Monday, November 21, 2005

Why Milosevic's Closest Allies Aren't In The Dock With Him

I've been following this story with personal interest for years -- I could never figure out why it got in my head, outside of wanting to see justice done to war criminals. I wasn't aware that Radovan Karadzic, the political head of the Bosnian Serbs during the war and a seriously heinous man, was a sitting duck for years until he went missing just when the political will to arrest him miraculously appeared in Washington. (France doesn't come off looking very good either, I must say.) Ratko Mladic, the worst of the period's military generals, has also been in hiding and probably has a network of safe houses a thousand miles wide at this point.
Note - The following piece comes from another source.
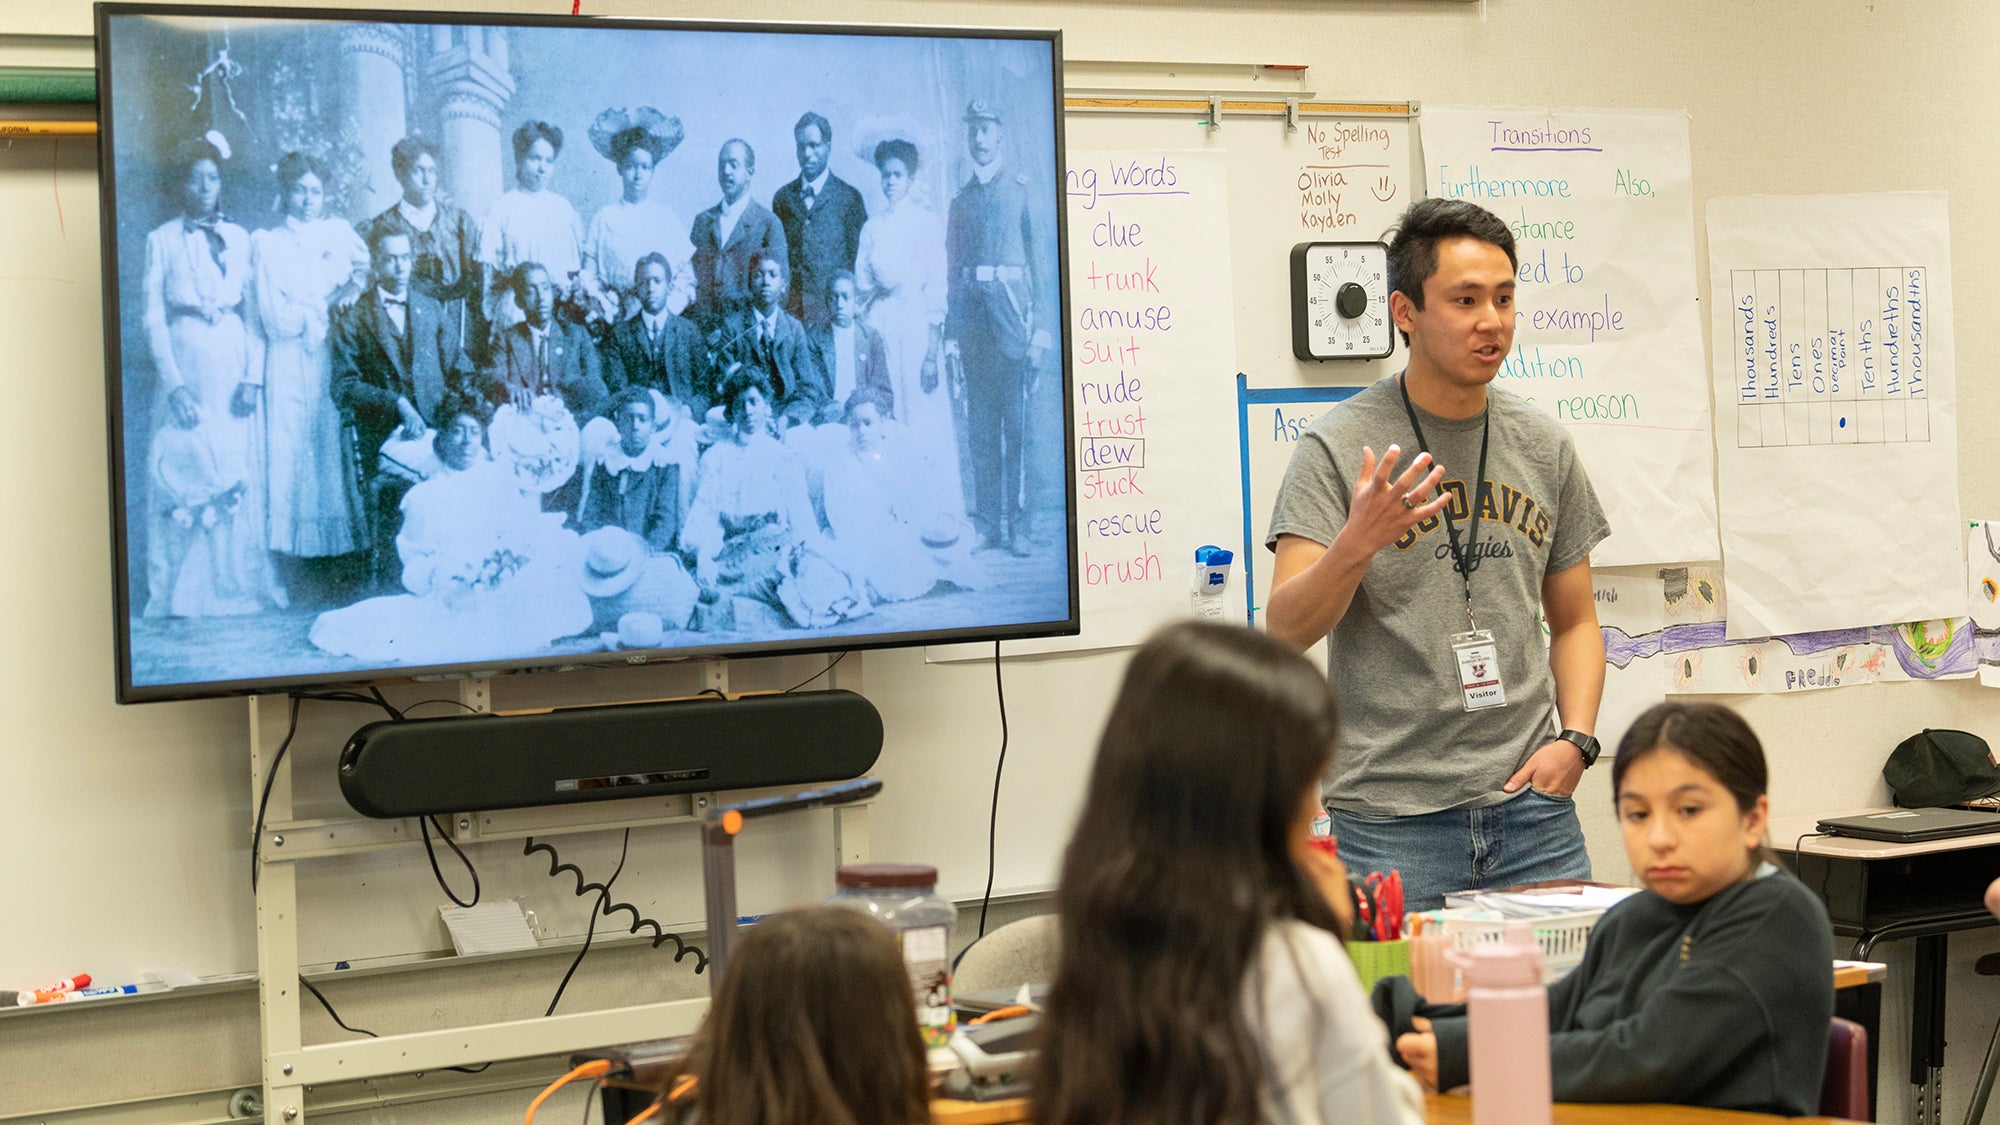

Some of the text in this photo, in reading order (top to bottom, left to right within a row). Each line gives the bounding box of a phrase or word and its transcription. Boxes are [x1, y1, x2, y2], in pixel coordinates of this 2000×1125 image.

Every so often I check the international headlines to see if either of them have been nabbed. Nope. Never.

A bit of perspective: the International Criminal Tribunal for the Former Yugoslavia, or ICTY, has done a lot of good work over the years, fairly prosecuting hundreds of detainees of all political and ethnic stripes. (Even a few Kosovar Albanian separatists are being tried now for running the Llapushnik camp.) I mentioned, back in the first halcyon days of Lapplander, that Milosevic's trial was dragging on, and it still is, but it's better to be too thorough than too hasty in matters of international justice. And the guys tracking down the "accused at large," as the UN calls them, have had some high-profile successes recently. But the failure to catch Karadzic and Mladic, the bin Laden and al-Zawahri of Balkan fugitives, has been a continuously puzzling embarrassment.